Monday, November 14, 2005


Dick Cheney and Donald Rumsfeld Play Hide the Chalabi

Iraqi Chalabi meets Cheney, Rumsfeld

By Charles Aldinger

WASHINGTON (Reuters) - Iraqi Deputy Prime Minister Ahmad Chalabi, once embraced and then shunned by the Bush administration, held talks with Defense Secretary Donald Rumsfeld on Monday but the Pentagon did not allow television cameras to record the event.

He also held a private meeting at the White House with Vice President Dick Cheney after his 45 minutes of talks with Rumsfeld, but Cheney's office would not provide details.

Chalabi's trip to Washington has angered Iraq war critics who have denounced the visit of the man most associated with discredited prewar intelligence on Iraq.

Democratic lawmakers have demanded to know why Chalabi was meeting top U.S. officials after allegations he had passed American secrets to Iran and they urged congressional committees to subpoena him for testimony.

Last week Secretary of State Condoleezza Rice met Chalabi but did not appear publicly with him, underscoring the political sensitivity of the meeting.

A senior U.S. defense official said Rumsfeld and Chalabi discussed the importance of protecting Iraq's oil and electric power grids from insurgent attacks and improving intelligence-gathering by U.S.-led military forces in Iraq.

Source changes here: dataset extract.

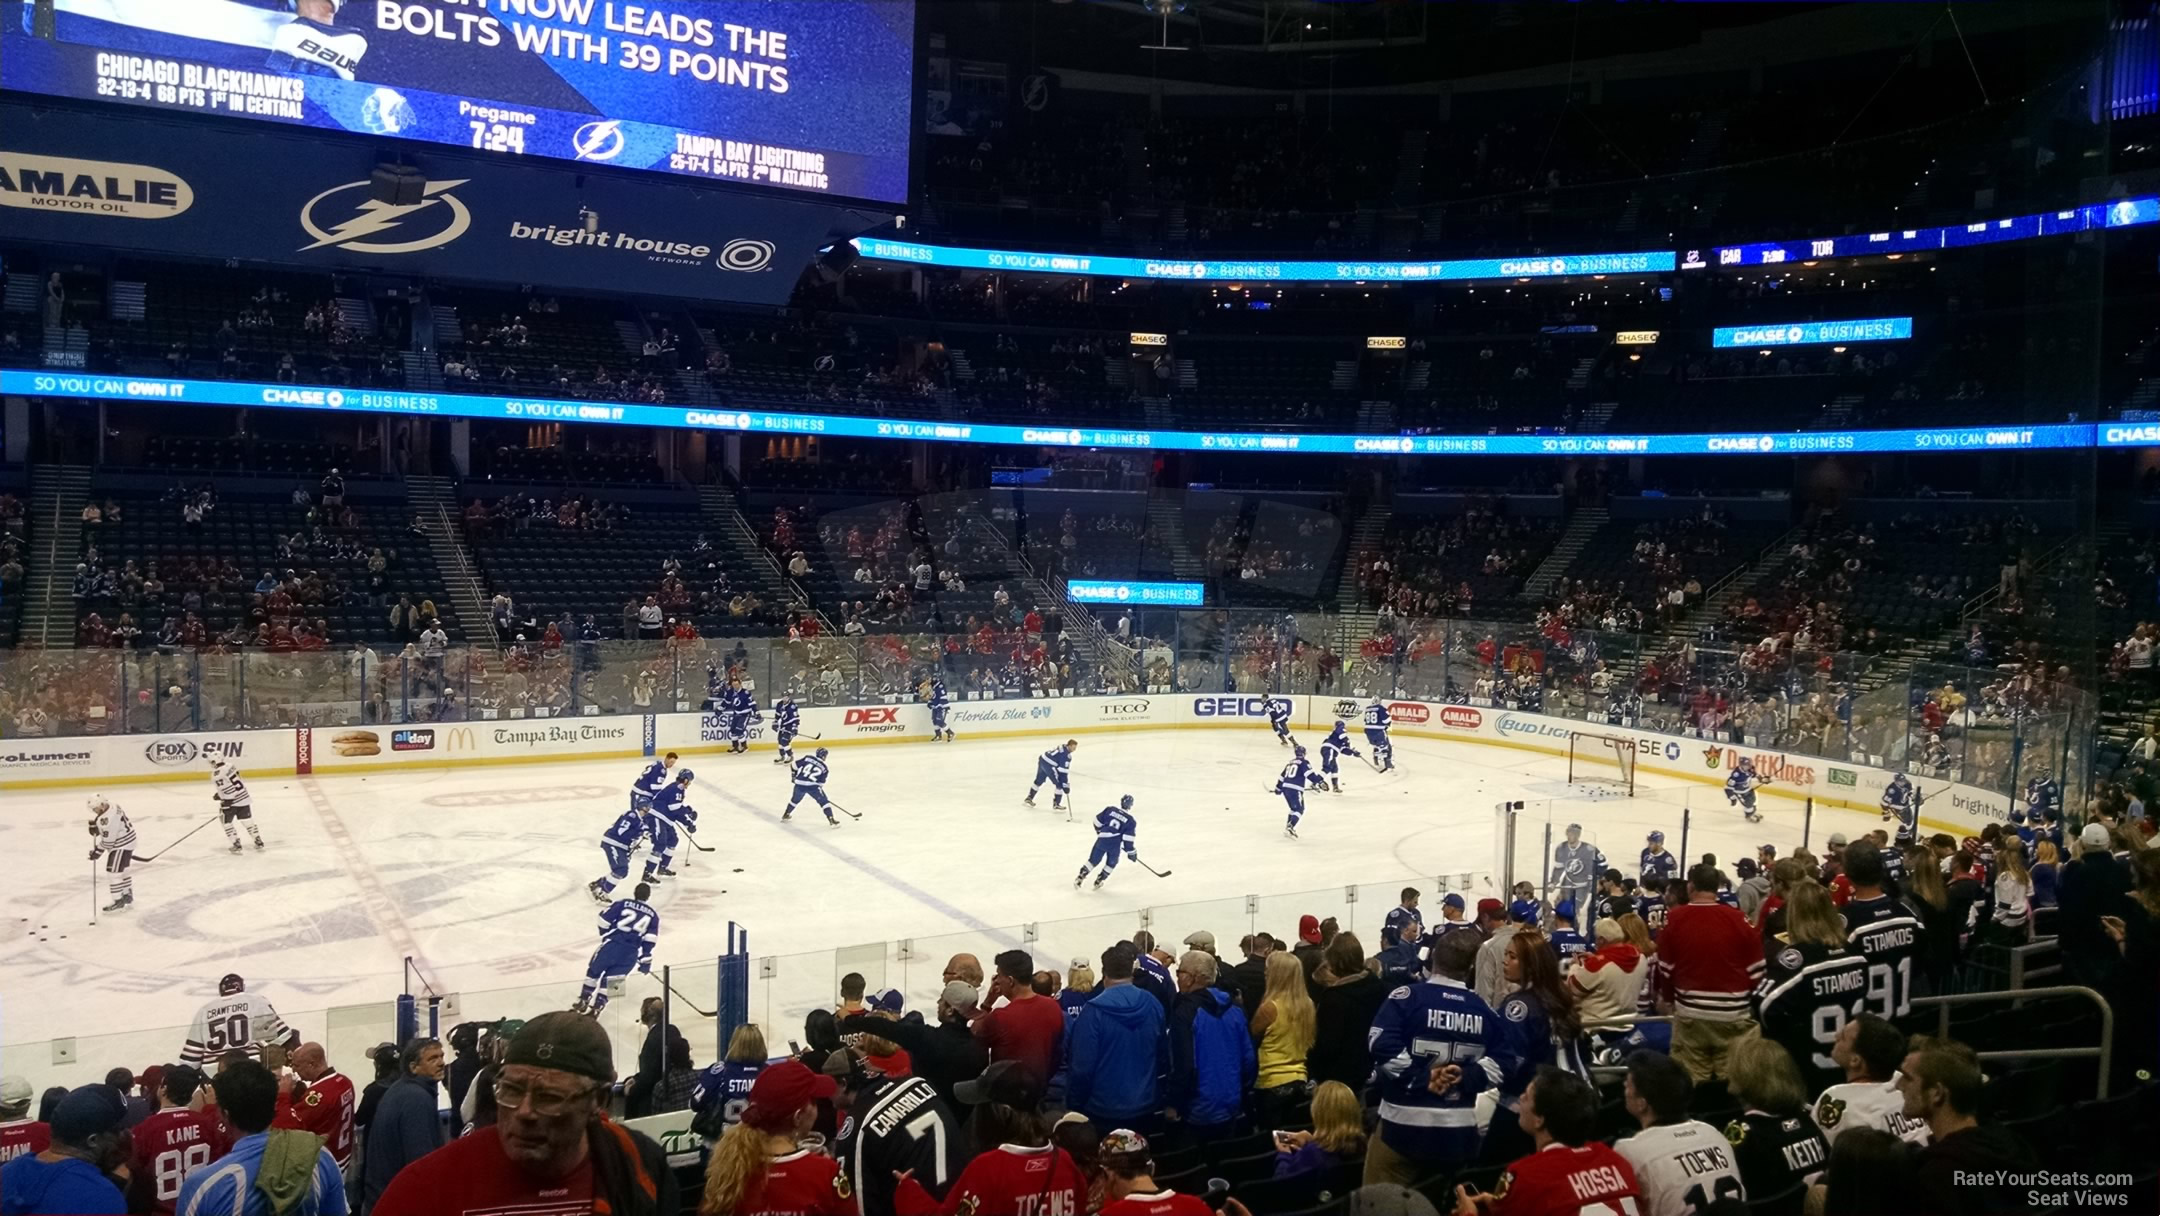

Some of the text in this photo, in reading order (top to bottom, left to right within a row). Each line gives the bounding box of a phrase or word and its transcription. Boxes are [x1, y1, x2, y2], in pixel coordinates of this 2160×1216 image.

The Pentagon did not allow television cameras to record Chalabi's arrival. His visit to Washington ahead of Iraqi elections next month comes amid a bitter U.S. debate over President George W. Bush's decision to invade Iraq in 2003 and Bush's conduct of the war in which more than 2,060 Americans have died.

Information provided by Chalabi's organization, the Iraqi National Congress, was influential in making the case for the Iraq war within the U.S. government. But critics say the information greatly exaggerated the threat posed by former President Saddam Hussein.

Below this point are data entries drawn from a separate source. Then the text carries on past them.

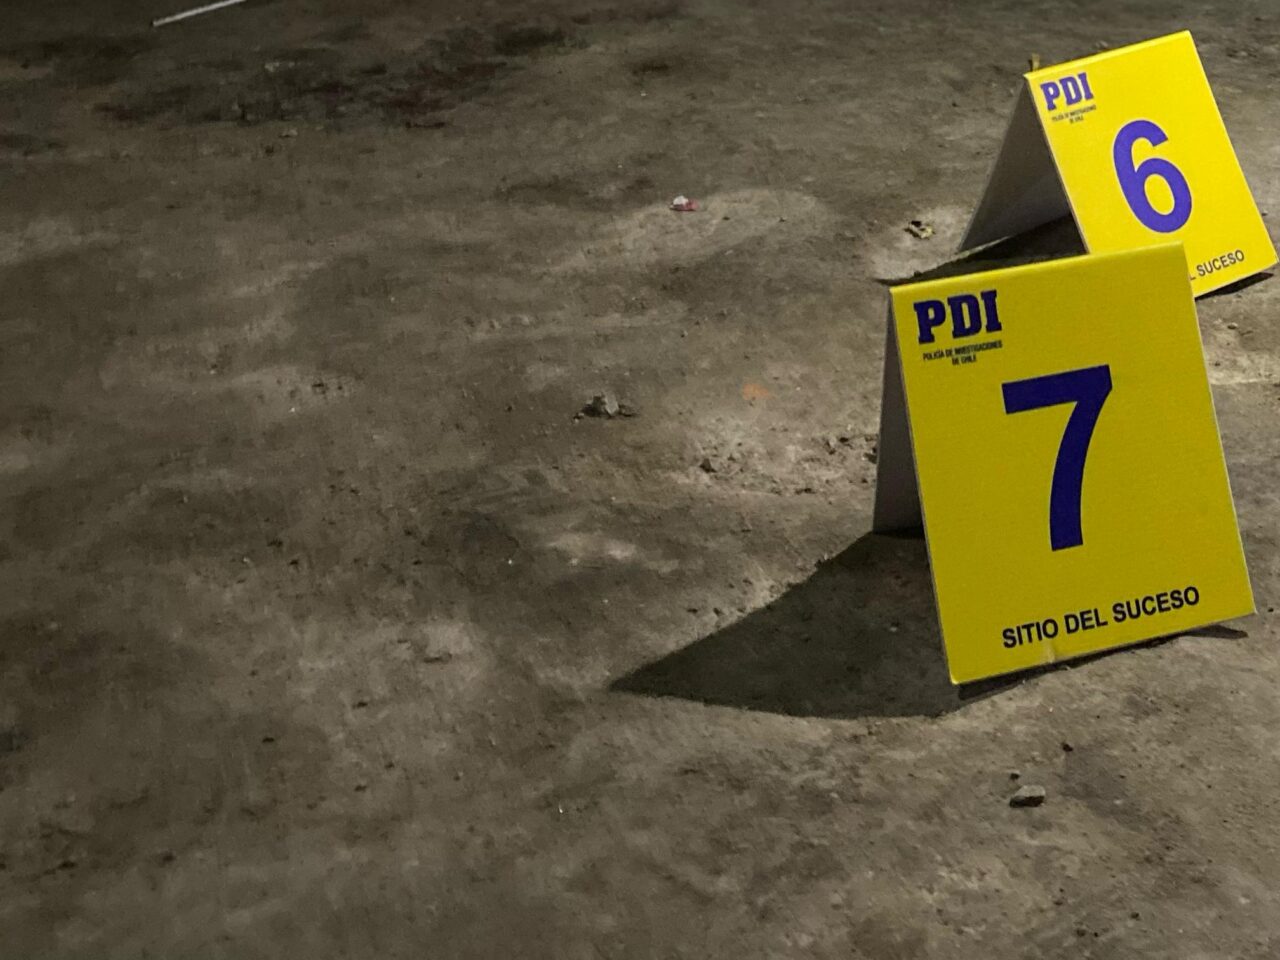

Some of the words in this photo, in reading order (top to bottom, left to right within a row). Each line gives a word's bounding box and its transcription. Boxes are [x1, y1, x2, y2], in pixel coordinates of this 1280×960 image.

[1040, 72, 1095, 111] PDI
[1113, 119, 1192, 233] 6
[1196, 249, 1245, 277] SUCESO
[913, 289, 1002, 345] PDI
[1001, 364, 1113, 551] 7
[1002, 619, 1060, 649] SITIO
[1064, 608, 1108, 635] DEL
[1112, 586, 1200, 623] SUCESO
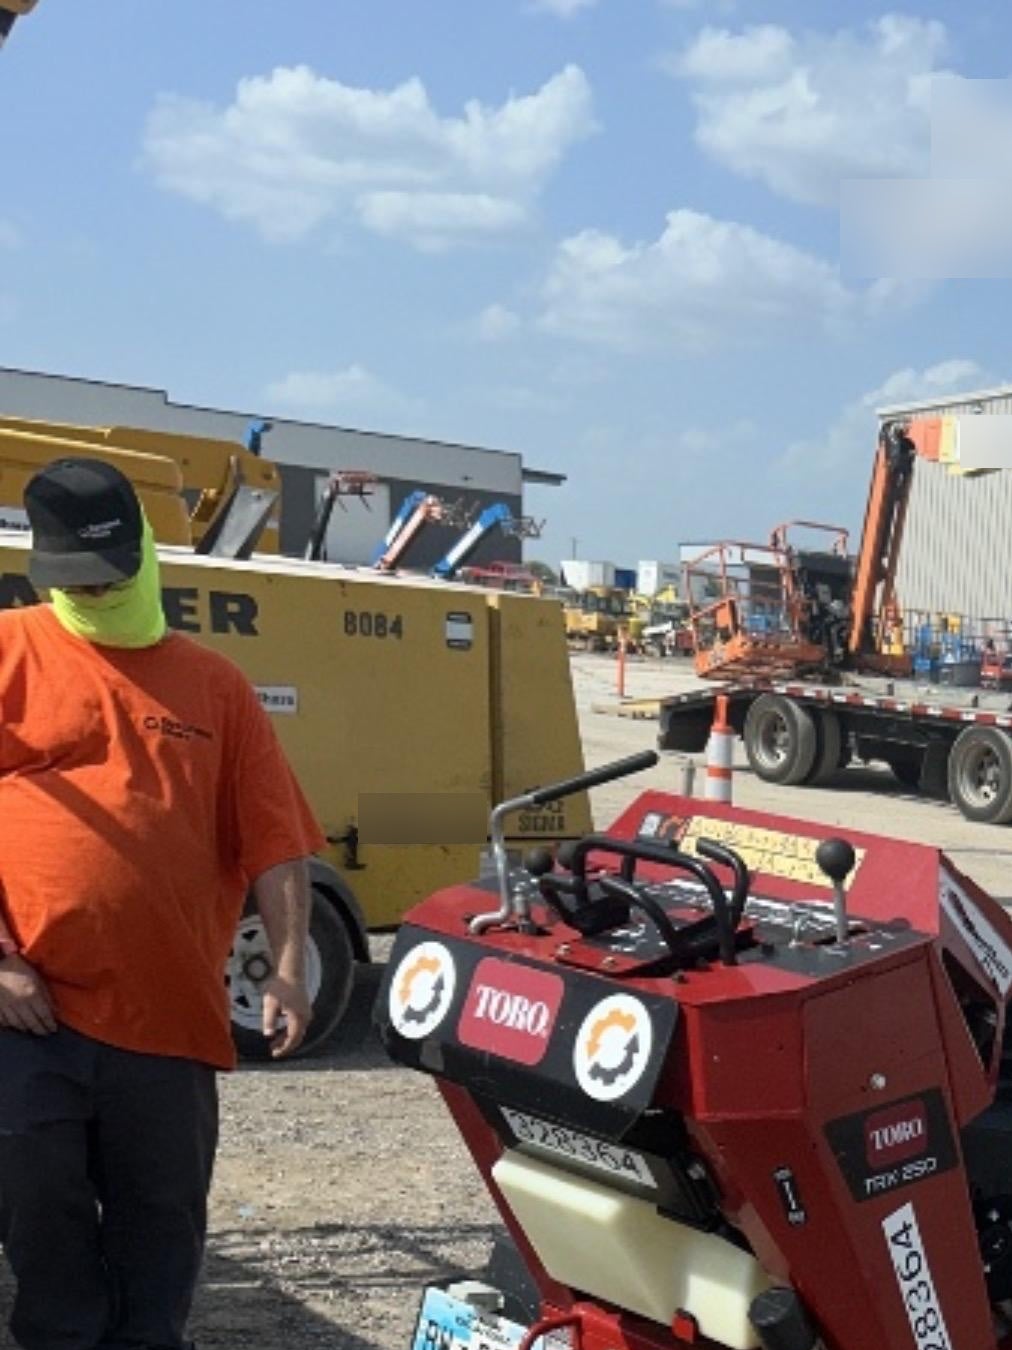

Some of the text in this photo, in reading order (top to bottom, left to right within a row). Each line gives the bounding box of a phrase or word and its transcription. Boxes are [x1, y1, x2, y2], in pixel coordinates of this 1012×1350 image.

[474, 984, 550, 1037] TORO
[869, 1116, 923, 1150] TORO
[901, 1156, 937, 1181] 250

Chalabi was taken into Iraq by the American forces, along with an armed group of supporters, as Washington tried to build a new power structure in the weeks after the invasion. But he soon fell into disfavor, targeted with allegations that he betrayed U.S. secrets to Iran.

A senior defense official, who asked not to be identified, said the Pentagon meeting lasted about 45 minutes and included Rumsfeld and some of his key policy advisers.

"Chalabi expressed appreciation and gratitude to the U.S. armed forces for their commitment to Iraq's freedom and transition to self-government." the defense official added, quoting Chalabi as saying: "There is a bond of blood between Iraq and the U.S. in fighting for the cause of freedom."

"There was discussion about the need to continue to improve upon the intelligence-gathering capabilities of the coalition and further refine the ability of the Iraq security forces to disrupt and ultimately defeat the insurgents," the official said.

Explaining the Pentagon's decision to prohibit cameras from recording Chalabi's arrival, spokesman Bryan Whitman said, "He's not a minister of defense. This is not typically the level of official that we would do photo opportunities."

The Pentagon in May 2004 ended the roughly $340,000 monthly payments it had been making to Chalabi's Iraqi National Congress, which had received millions of dollars from the Pentagon and other parts of the U.S. government. Within days, U.S. and Iraqi forces raided his headquarters in Iraq.